__Problem__.
Exact copies of all the lines below are required, with the pictures omitted.

Data records
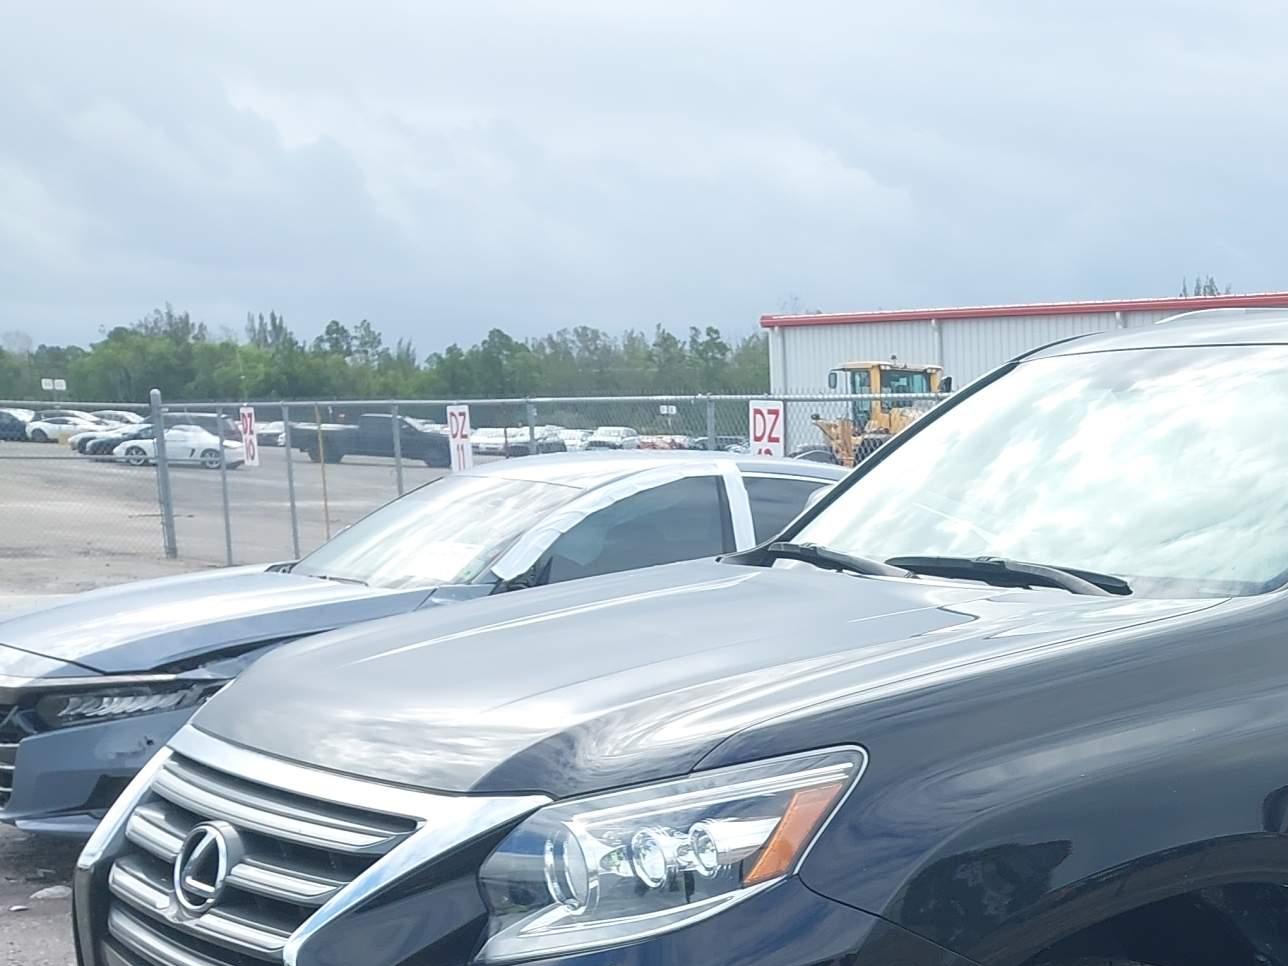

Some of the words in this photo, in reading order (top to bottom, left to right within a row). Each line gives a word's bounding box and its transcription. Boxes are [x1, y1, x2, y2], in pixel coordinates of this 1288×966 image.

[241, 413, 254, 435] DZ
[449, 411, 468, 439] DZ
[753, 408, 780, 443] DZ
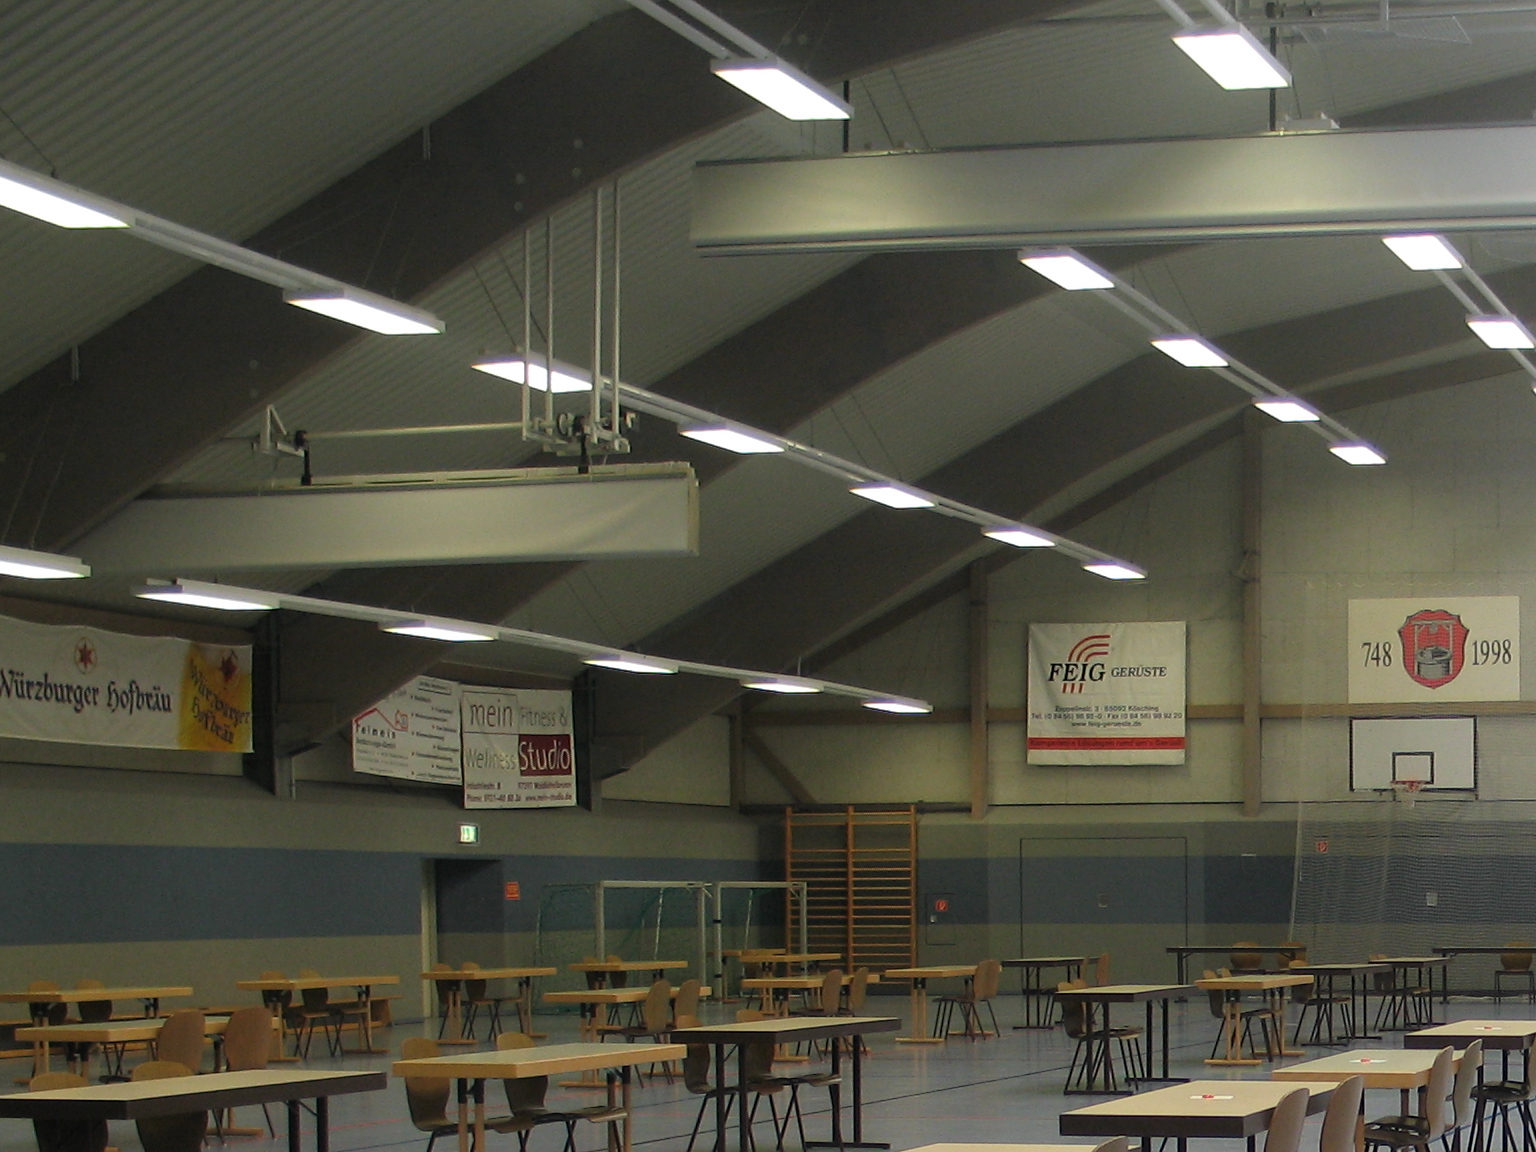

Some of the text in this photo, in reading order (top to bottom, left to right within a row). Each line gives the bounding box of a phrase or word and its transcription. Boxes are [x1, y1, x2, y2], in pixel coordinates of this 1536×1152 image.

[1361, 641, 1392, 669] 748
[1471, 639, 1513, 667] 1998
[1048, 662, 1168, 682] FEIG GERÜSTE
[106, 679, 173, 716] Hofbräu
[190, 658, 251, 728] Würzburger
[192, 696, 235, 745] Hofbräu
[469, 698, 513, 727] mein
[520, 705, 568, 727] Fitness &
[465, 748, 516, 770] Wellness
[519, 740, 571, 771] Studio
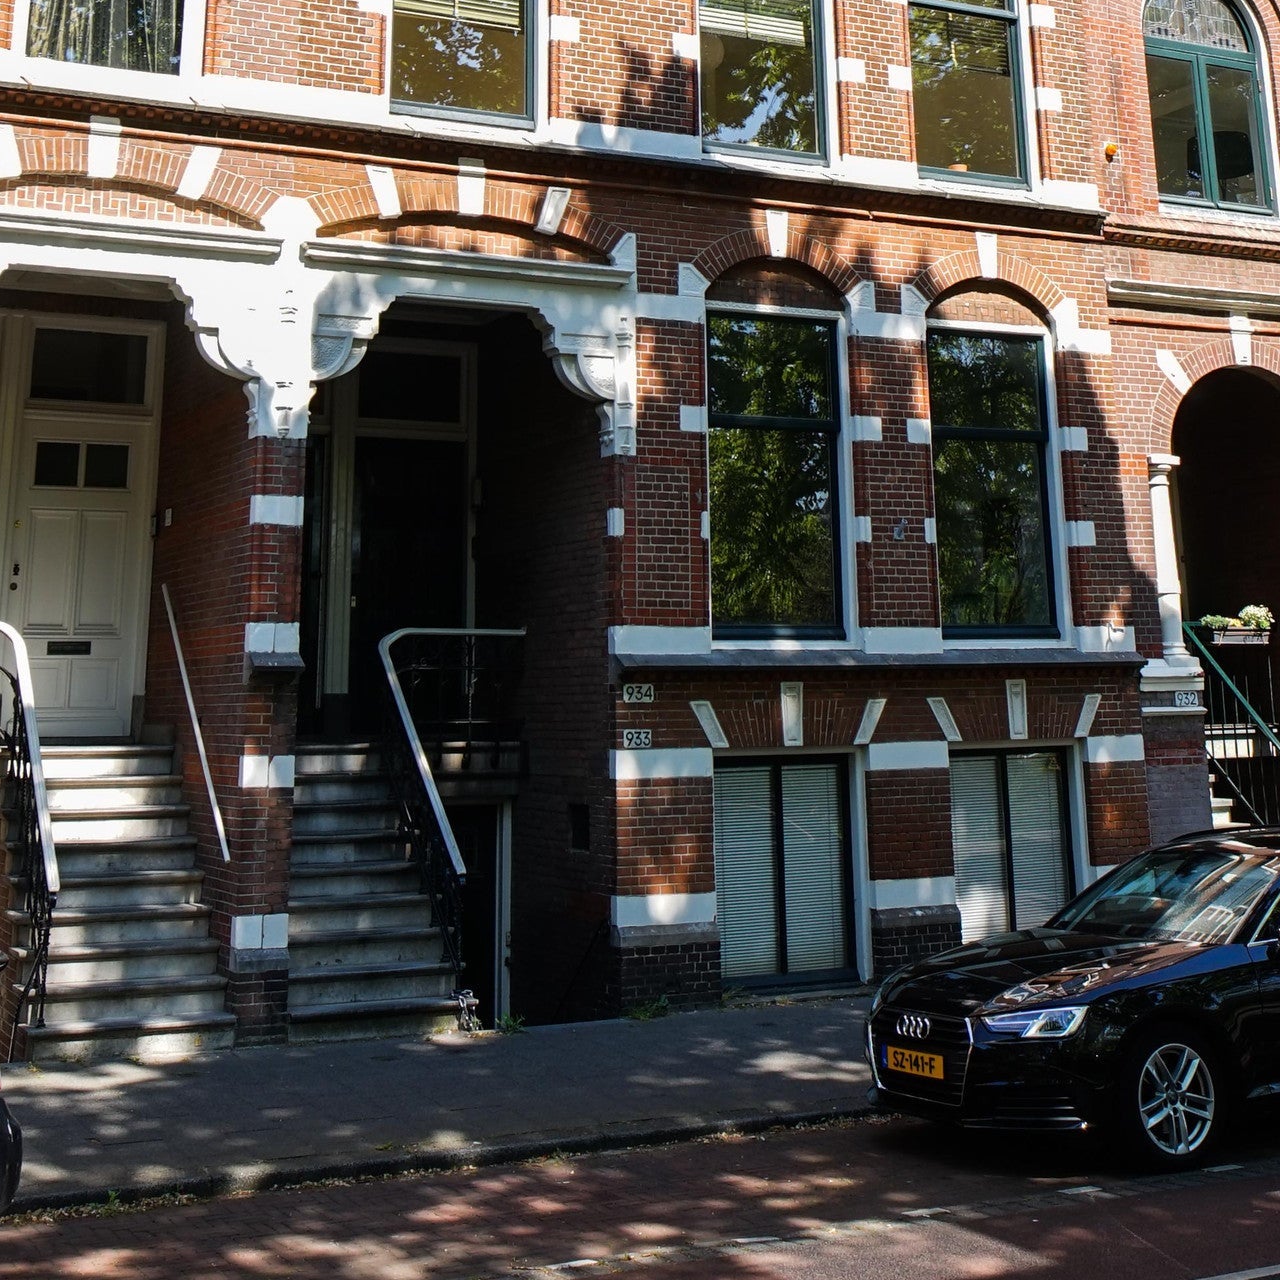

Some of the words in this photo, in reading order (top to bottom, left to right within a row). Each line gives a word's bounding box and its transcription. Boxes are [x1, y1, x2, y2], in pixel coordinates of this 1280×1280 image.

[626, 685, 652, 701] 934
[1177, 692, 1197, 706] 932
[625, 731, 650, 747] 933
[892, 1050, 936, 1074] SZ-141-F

__Response area__.
Some of the words in this photo, in reading order (top to bottom, left to right within a row). Each line gives a word's bounding box and its transcription. Boxes are [x1, y1, x2, y2], in pixel coordinates of this 1288×966 image.

[241, 413, 254, 435] DZ
[449, 411, 468, 439] DZ
[753, 408, 780, 443] DZ

Some of the text in this photo, in reading order (top to bottom, left to right within a row). Each line gives the bounding box of a phrase or word and its transcription. Boxes are [x1, y1, x2, y2], in pixel coordinates of this 1536×1152 image.

[1361, 641, 1392, 669] 748
[1471, 639, 1513, 667] 1998
[1048, 662, 1168, 682] FEIG GERÜSTE
[106, 679, 173, 716] Hofbräu
[190, 658, 251, 728] Würzburger
[192, 696, 235, 745] Hofbräu
[469, 698, 513, 727] mein
[520, 705, 568, 727] Fitness &
[465, 748, 516, 770] Wellness
[519, 740, 571, 771] Studio

Some of the words in this photo, in reading order (top to bottom, left to right within a row). Each line gives a word's bounding box and its transcription. Boxes are [x1, y1, x2, y2], in pixel coordinates of this 1280×1280 image.

[626, 685, 652, 701] 934
[1177, 692, 1197, 706] 932
[625, 731, 650, 747] 933
[892, 1050, 936, 1074] SZ-141-F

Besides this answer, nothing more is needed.